E il livello di paranoia sale. –La vita non è un videogioco e la paranoia non è una barra di forza solo perché, altrimenti, c’è chi farebbe troppi level up in una volta-. Cerchiamo di calmarci con delle risposte, ma ormai la testa è un fiume in piena e siamo già alla tappa “Chi sono? Dove sono? Perché sono?”. – Se non cogliete la citazione, arriva il disonore supremo sulla vostra mucca.–
“Io non so veramente o lo so male, ciò che sono e faccio in questo momento. Lo saprò più tardi oppure mai. Ma non in questo momento.” – Fabrizio Caramagna
È tutta colpa di Bruno
In realtà, ed in effetti è vero, non è scontato farsi venire così tanta ansia gratuita: Pirandello ha basato la sua carriera sui personaggi che avevano crisi di identità improvvise. -Insegnanti di italiano, per favore, non fate caso ai concetti imprecisi-.

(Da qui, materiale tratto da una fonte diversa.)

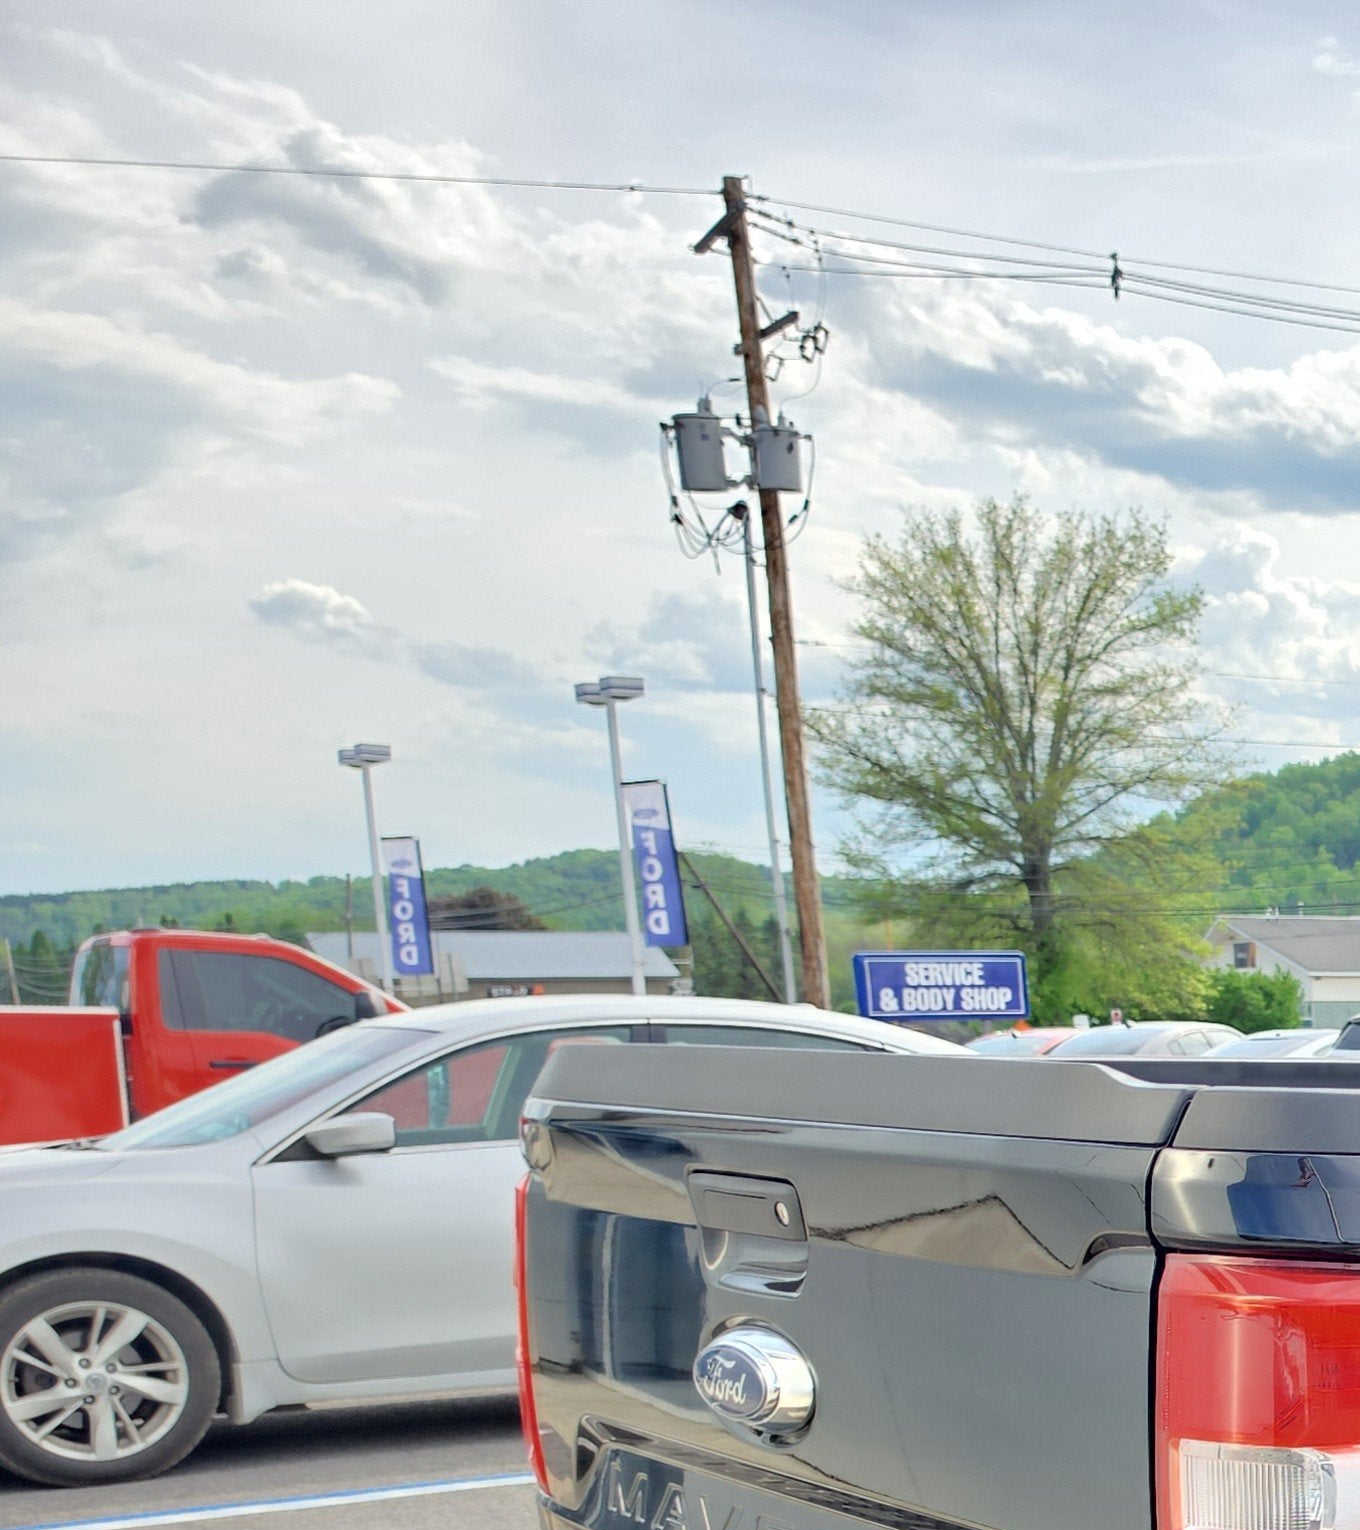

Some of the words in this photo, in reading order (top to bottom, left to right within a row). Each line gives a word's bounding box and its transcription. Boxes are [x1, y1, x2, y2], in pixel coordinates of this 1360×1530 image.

[904, 962, 986, 986] SERVICE
[879, 987, 899, 1012] &
[902, 987, 955, 1011] BODY
[960, 986, 1012, 1011] SHOP
[704, 1354, 746, 1405] Ford

“Ciò che conosciamo di noi è solamente una parte, e forse piccolissima, di ciò che siamo a nostra insaputa.” -Luigi Pirandello
Una crisi d’identità in piena regola
L’origine di questa bellissima indagine antropologica e filosofica si può ricondurre a René Descartes, per gli amici Cartesio. Non fraintendete: non è che i sumeri non si facessero queste domande, semplicemente è stato lui, con il suo famosissimo “Cogito, ergo sum”, a spostare l’attenzione della filosofia dall’esterno, all’interno. E questo ha portato ad un aumento pauroso del numero di persone che si facevano queste piacevolissime domande.
Il cane che si morde la coda
Possiamo pensarci quanto vogliamo, ma alla fine, quando ci dovremo presentare, risponderemo comunque con il nostro nome e questo si traduce in un ossimoro di proporzioni bibliche.
Noi in questo momento
Le ultime generazioni di umani, infatti, detestano le etichette, o comunque, ci sono opinioni molto contrastanti in merito, però anche il nostro nome non è un’etichetta? Non è qualcosa che ci limita?

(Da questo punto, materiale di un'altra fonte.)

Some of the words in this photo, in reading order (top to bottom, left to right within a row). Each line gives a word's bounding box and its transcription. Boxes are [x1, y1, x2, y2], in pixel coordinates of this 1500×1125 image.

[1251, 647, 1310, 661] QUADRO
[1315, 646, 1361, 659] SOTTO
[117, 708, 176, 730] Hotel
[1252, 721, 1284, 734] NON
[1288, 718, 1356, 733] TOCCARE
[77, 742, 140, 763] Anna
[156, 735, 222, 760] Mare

“Il Bruco si tolse di bocca la pipa e, con voce languida e assonnata, chiese: «E tu chi sei?» […] Alice rispose con voce timida: «Io… io non lo so, per il momento, signore… al massimo potrei dire chi ero quando mi sono alzata stamattina, ma da allora ci sono stati parecchi cambiamenti».
«Che vuoi dire?» disse il Bruco, severo. «Spiegati!»
«Mi dispiace, signore, ma non posso spiegarmi,» disse Alice «perché io non sono più io; capisce?»” – Lewis Carrol, Alice nel Paese delle Meraviglie
Quindi siamo intrappolati in questo labirinto di vicoli ciechi, chi gira in tondo, erroneamente, con la convinzione di trovare, alla prossima svolta, un percorso diverso e chi si sente libero di errare e girare in cerca di niente fra gli alti filari erbosi.